[Data shown — start]

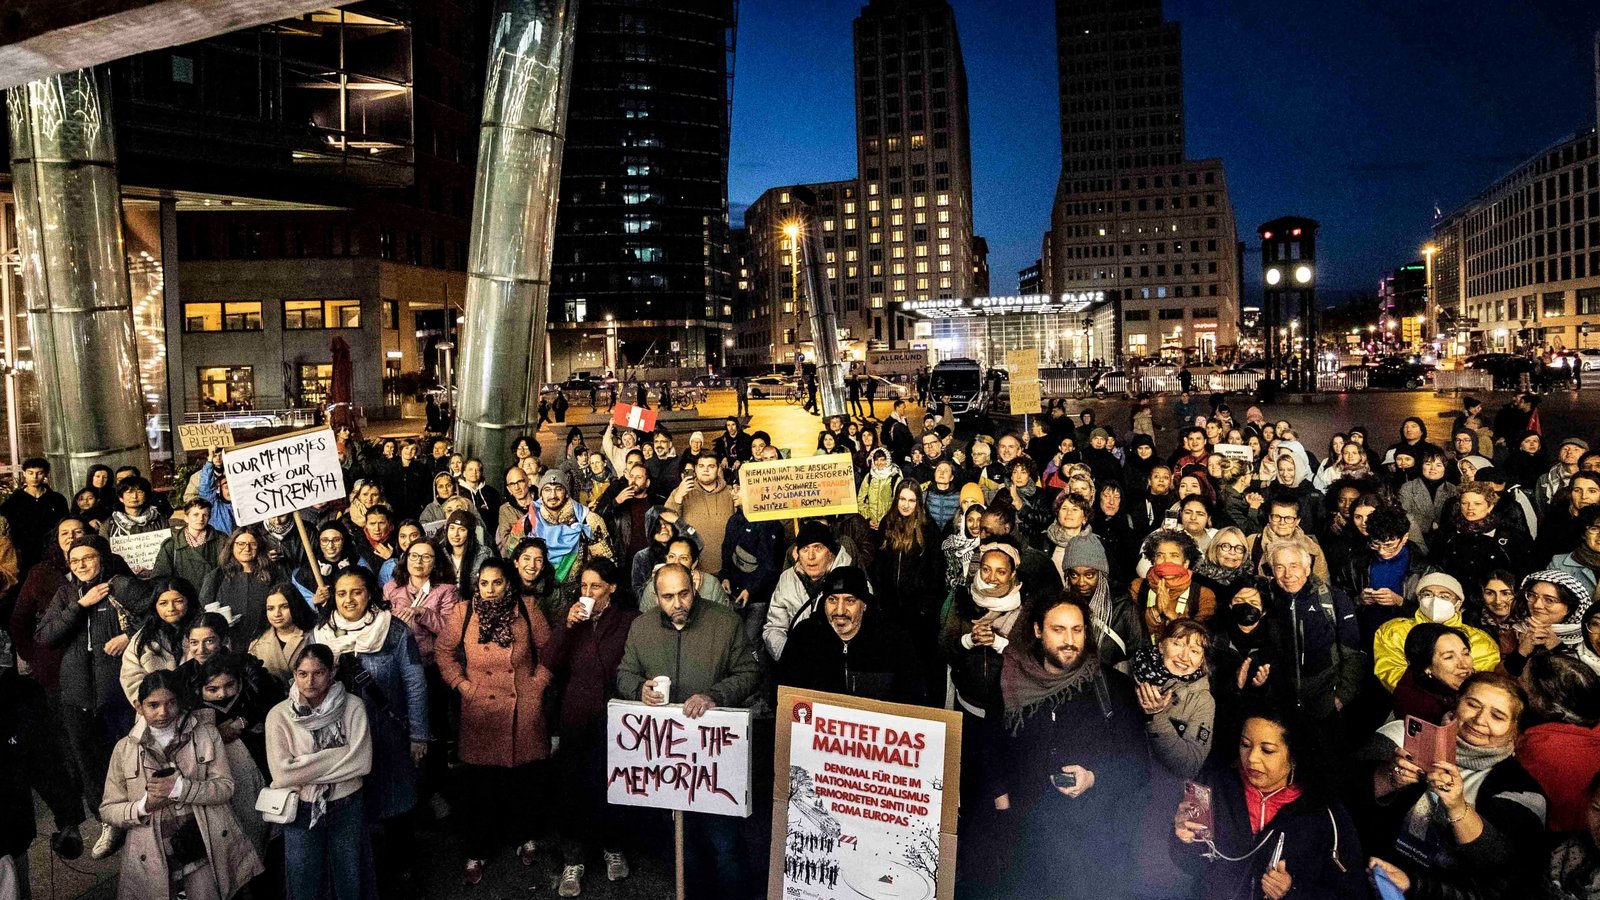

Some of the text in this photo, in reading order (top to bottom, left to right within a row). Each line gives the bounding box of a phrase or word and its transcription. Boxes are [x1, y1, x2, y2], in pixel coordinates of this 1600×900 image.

[902, 292, 1105, 310] BAHNHOF POTSDAMER PLATZ
[180, 424, 232, 437] DENKMAL
[189, 435, 231, 448] BLEIBT!
[232, 457, 261, 474] OUR
[251, 463, 315, 488] ARE OUR
[745, 462, 838, 477] NIEMAND HAT DIE ABSICHT
[254, 472, 337, 514] STRENGTH
[747, 477, 760, 485] EIN
[760, 492, 770, 501] IN
[616, 713, 688, 762] SAVE
[814, 716, 926, 751] RETTET DAS
[812, 734, 920, 769] MAHNMAL!
[823, 761, 921, 789] DENKMAL FÜR DIE IM
[814, 773, 930, 804] NATIONALSOZIALISMUS
[815, 785, 928, 817] ERMORDETEN SINTI UND
[831, 801, 909, 827] ROMA EUROPAS

[Data shown — finish]

**Directions for this task:** The material should be returned verbatim, with all images omitted.

**Reply:**
Some of the text in this photo, in reading order (top to bottom, left to right within a row). Each line gives the bounding box of a phrase or word and its transcription. Boxes are [x1, y1, x2, y2], in pixel coordinates of this 1600×900 image.

[902, 292, 1105, 310] BAHNHOF POTSDAMER PLATZ
[180, 424, 232, 437] DENKMAL
[189, 435, 231, 448] BLEIBT!
[232, 457, 261, 474] OUR
[251, 463, 315, 488] ARE OUR
[745, 462, 838, 477] NIEMAND HAT DIE ABSICHT
[254, 472, 337, 514] STRENGTH
[747, 477, 760, 485] EIN
[760, 492, 770, 501] IN
[616, 713, 688, 762] SAVE
[814, 716, 926, 751] RETTET DAS
[812, 734, 920, 769] MAHNMAL!
[823, 761, 921, 789] DENKMAL FÜR DIE IM
[814, 773, 930, 804] NATIONALSOZIALISMUS
[815, 785, 928, 817] ERMORDETEN SINTI UND
[831, 801, 909, 827] ROMA EUROPAS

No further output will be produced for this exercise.